## Exercise instructions
Leaving out the images, transcribe every record below exactly.

──────── Excerpted data ────────

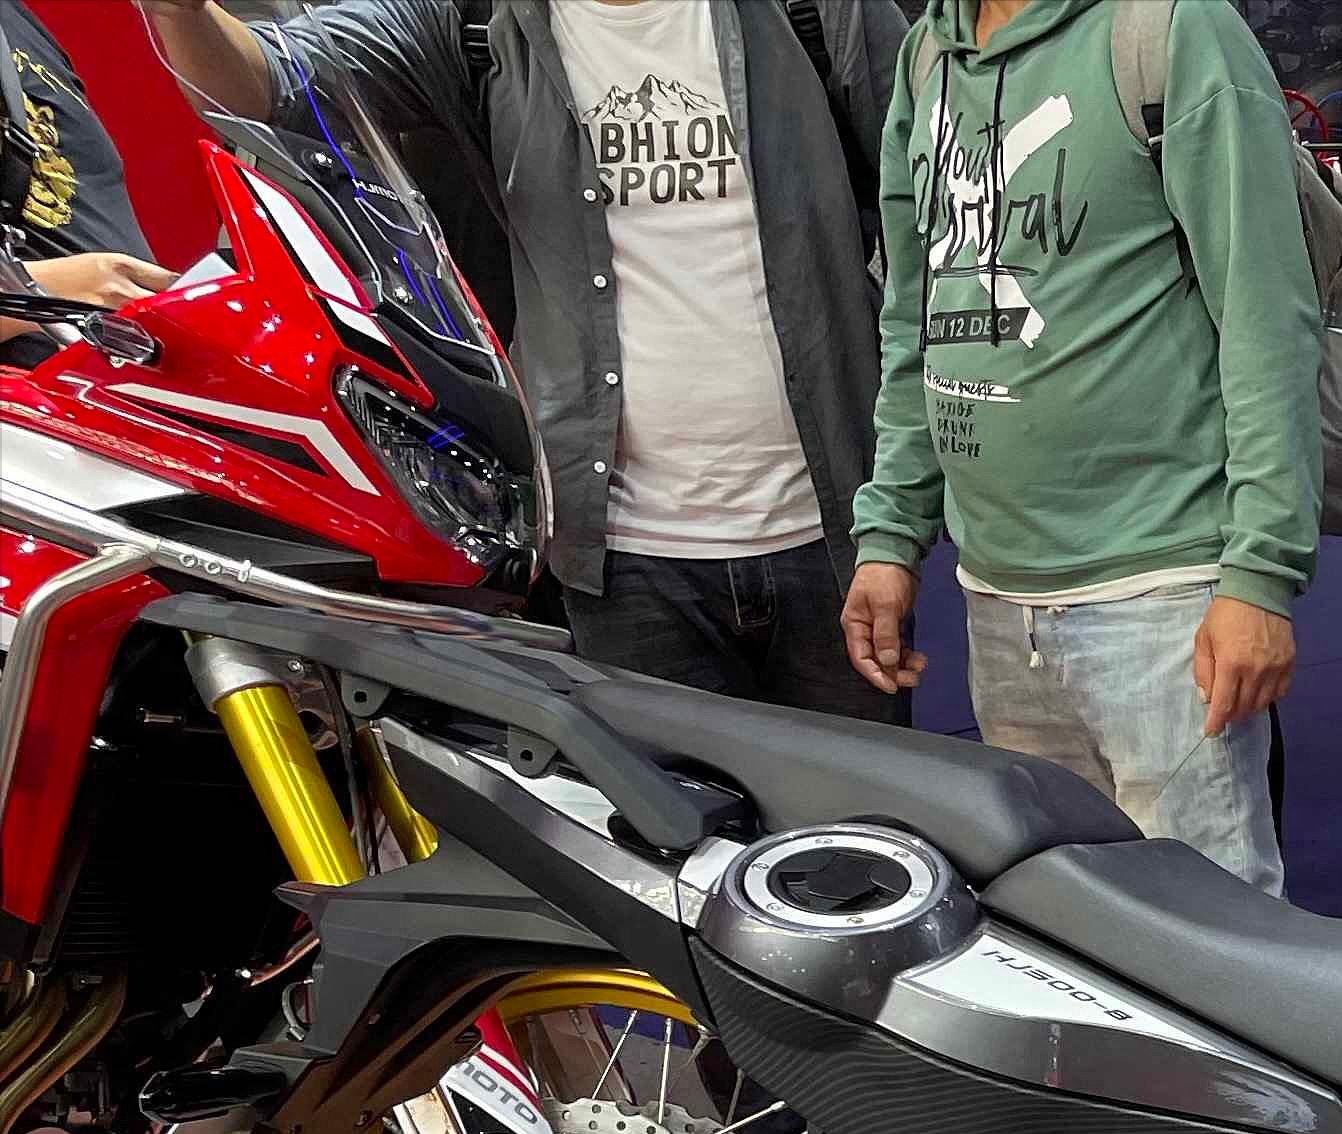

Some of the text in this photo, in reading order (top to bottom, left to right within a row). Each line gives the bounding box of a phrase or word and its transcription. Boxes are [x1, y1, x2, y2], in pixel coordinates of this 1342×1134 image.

[596, 157, 737, 207] SPORT
[949, 317, 965, 338] 12
[969, 314, 1012, 337] DEC
[981, 950, 1134, 1021] HJ500-B

────────

## Response
Some of the text in this photo, in reading order (top to bottom, left to right within a row). Each line gives the bounding box of a phrase or word and its transcription. Boxes are [x1, y1, x2, y2], in pixel coordinates of this 1342×1134 image.

[596, 157, 737, 207] SPORT
[949, 317, 965, 338] 12
[969, 314, 1012, 337] DEC
[981, 950, 1134, 1021] HJ500-B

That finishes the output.